The warning letter noted several of the problems had been cited in earlier inspections, evoking this from the agency: "The evidence suggests that Apotex has failed to implement adequate global and sustainable corrective and preventive actions and that it continues to manufacture and distribute pharmaceutical product without upholding its legal obligation to comply with CGMP. FDA's inspections continue to find repeated deficiencies in your quality systems." It went on to imply that the company figure out how to fix the issues and make sure they stay fixed. 

In a statement, the company says it prides itself on making "top-quality generic pharmaceuticals" and is working diligently with the FDA to get the problems fixed. 

But it was a statement similar to those issued after warning letters in 2009 and 2010 for the Toronto plant and for a different facility in Ontario. Those letters discussed contaminated drug ingredients, the return of defective material to inventory and the re-release of failed material prior to sufficient reprocessing and testing. Those problems led Apotex to recall 675 lots of products. After that, Apotex was barred from selling drugs in the U.S. from August 2009 until May 2011. 

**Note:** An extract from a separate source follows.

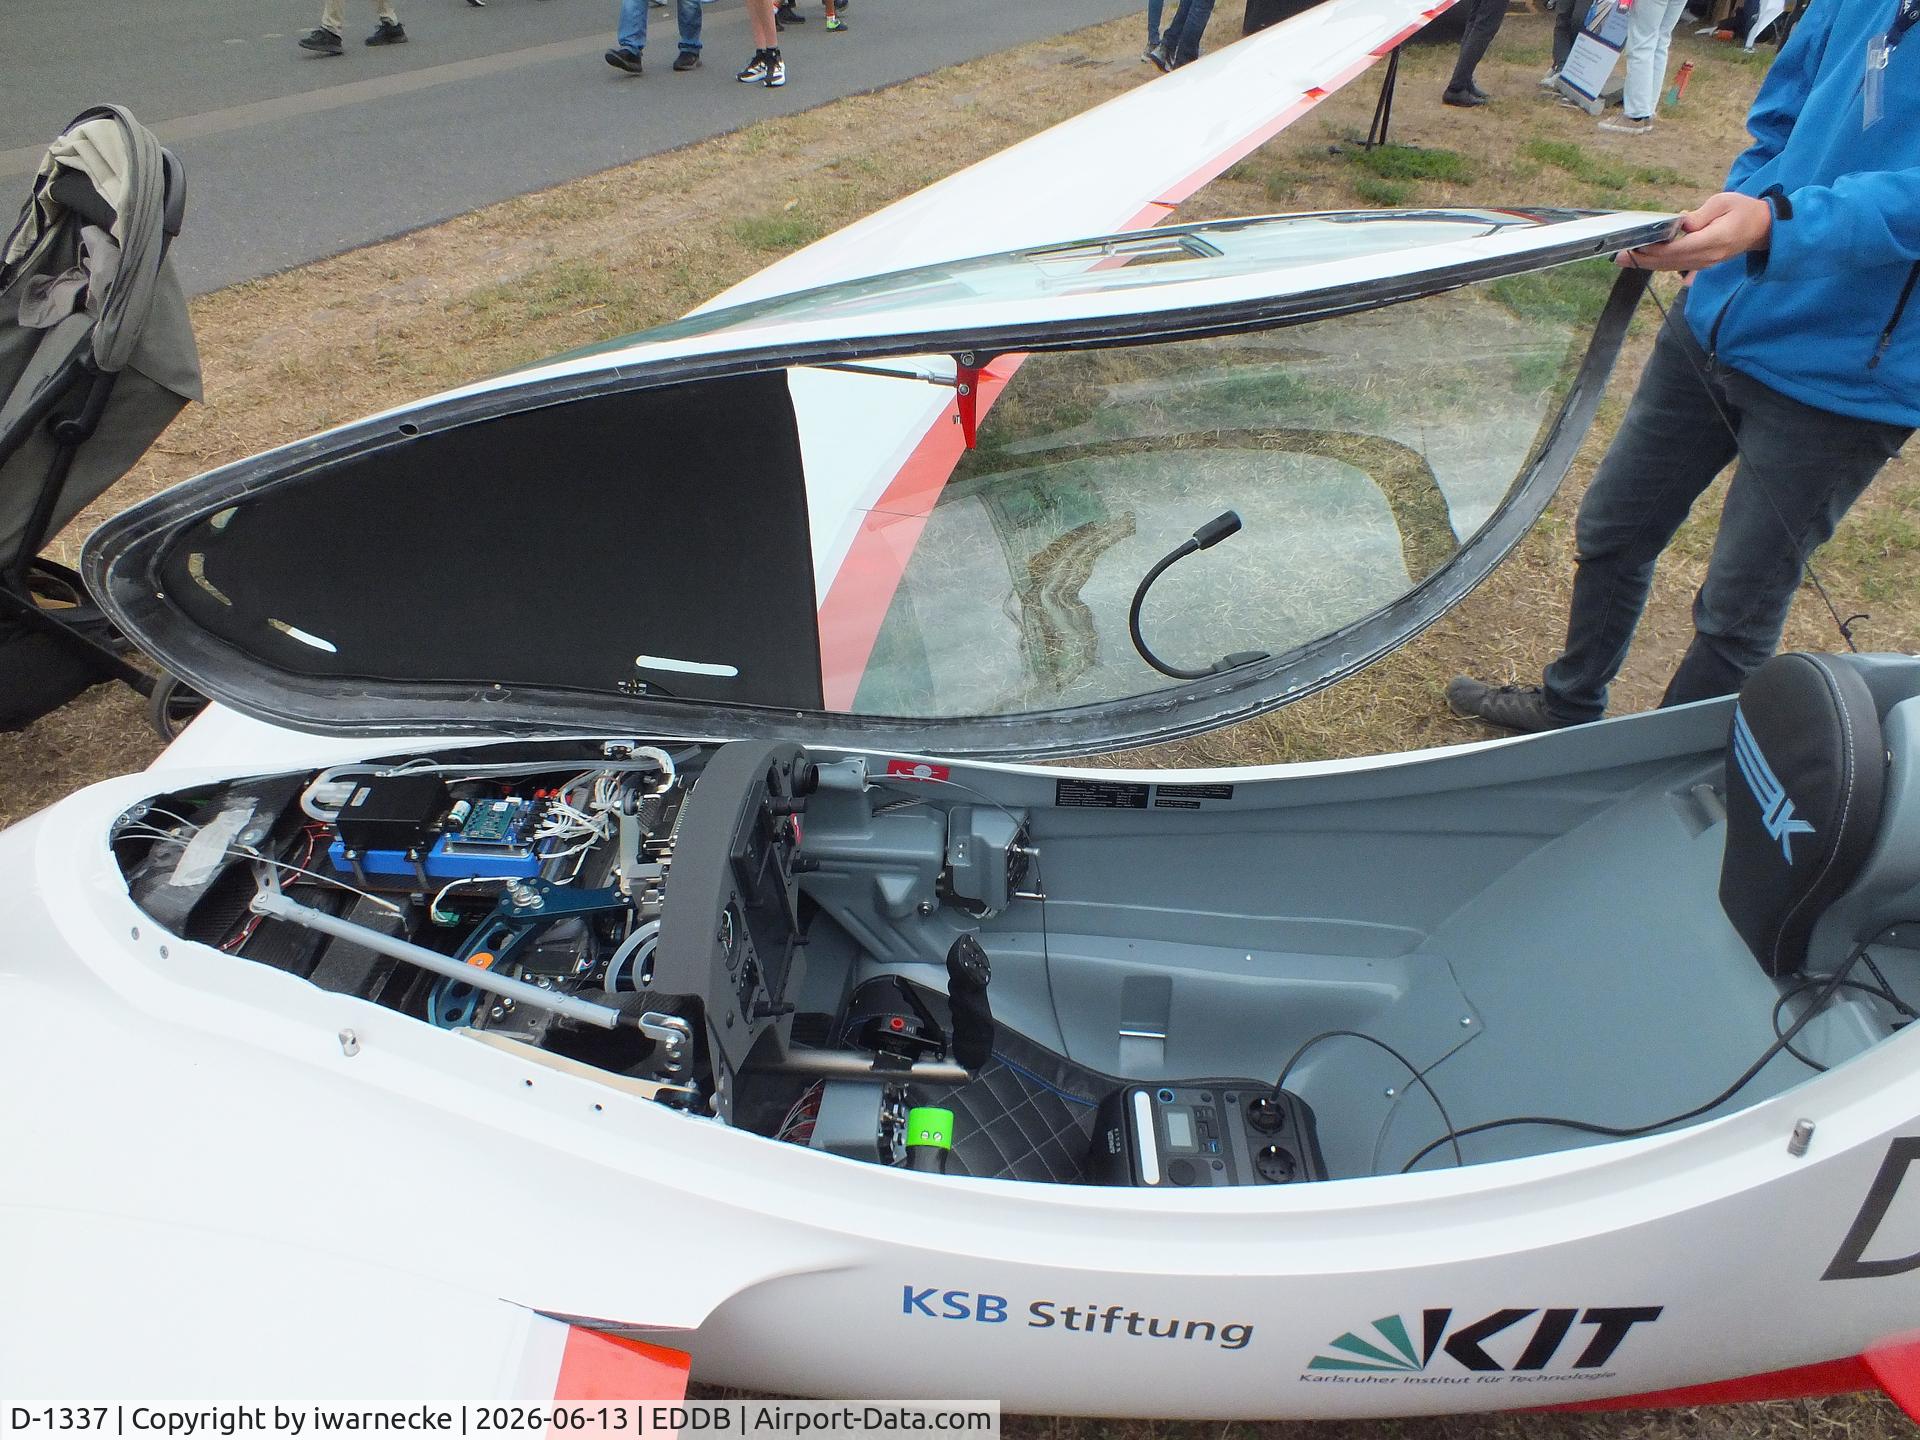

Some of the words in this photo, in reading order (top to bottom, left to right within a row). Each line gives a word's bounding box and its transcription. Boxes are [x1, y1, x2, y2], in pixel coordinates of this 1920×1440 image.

Once the ban was lifted., Apotex complained to NAFTA that the FDA action "decimated" its business and cost it $520 million in lost sales. It argued that the ban violated the North American Free Trade Agreement, claiming the FDA treated Apotex less fairly than other companies, like Teva Pharmaceutical ($TEVA). Apotex is asking the treaty oversight agency for arbitration in an effort to get the U.S. to reimburse it. 

Steve Giuli, Apotex's director of government affairs and industry relations, said Wednesday: "The complaint is a pending matter, and, as such, we have no comment to offer on it."